Clonal deletion through negative selection is critical to eliminate autoreactive T cells in the thymus. Negative selection, however, is imperfect such that some autoreactive thymocytes can escape thymic deletion and successfully populate peripheral tissues. This is also the case for autoreactive 2D2 TCR transgenic T cells, a widely employed mouse model in studying the pathogenesis of CD4 T cell-mediated experimental autoimmune encephalomyelitis. How autoreactive 2D2 thymocytes evade negative selection, however, remains incompletely understood. Here we show that negative selection of MHC-II-restricted thymocytes, specifically 2D2 TCR transgenic T cells, is associated with the induction of integrin CD103, and that forced expression of CD103 downregulates CXCR4 expression, alters intra-thymic trafficking, and reinforces clonal deletion of immature thymocytes.
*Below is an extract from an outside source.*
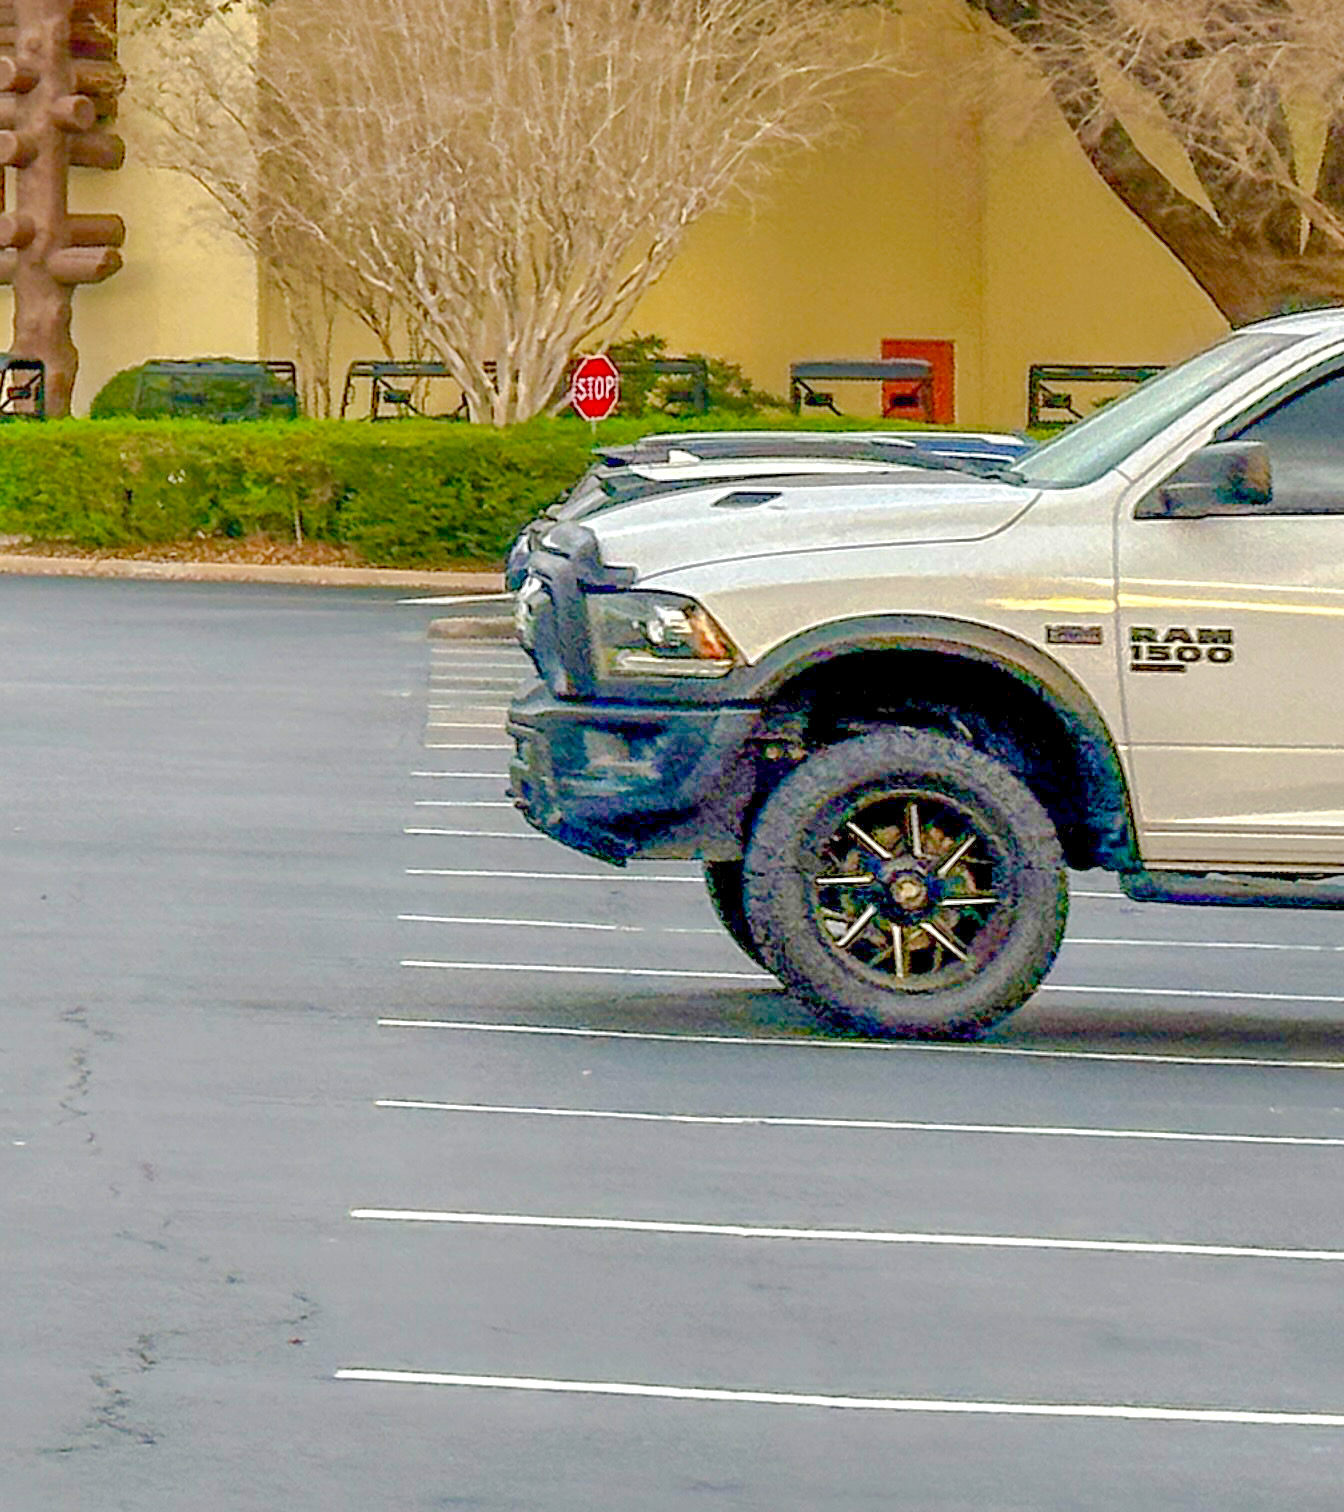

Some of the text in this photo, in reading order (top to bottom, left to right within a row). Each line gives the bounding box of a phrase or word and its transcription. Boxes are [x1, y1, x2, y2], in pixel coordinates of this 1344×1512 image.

[577, 375, 615, 402] STOP
[1130, 626, 1233, 644] RAM
[1131, 645, 1233, 662] 1500
Stratification of positively versus negatively selected 2D2 T cells based on their distinct coreceptor expression further shows that CD103 does not affect the generation of conventional CD4 T cells but is deleterious for autoreactive CD4, CD8 double-negative 2D2 T cells that correspond to CD69-negative CCR7-intermediate thymocytes, displaying markers of agonistic TCR signalling. Collectively, these results propose CD103 expression as an indicator and contributor of negative selection for MHC-II-restricted T cells, providing further mechanistic insights into the process of T cell selection in the thymus.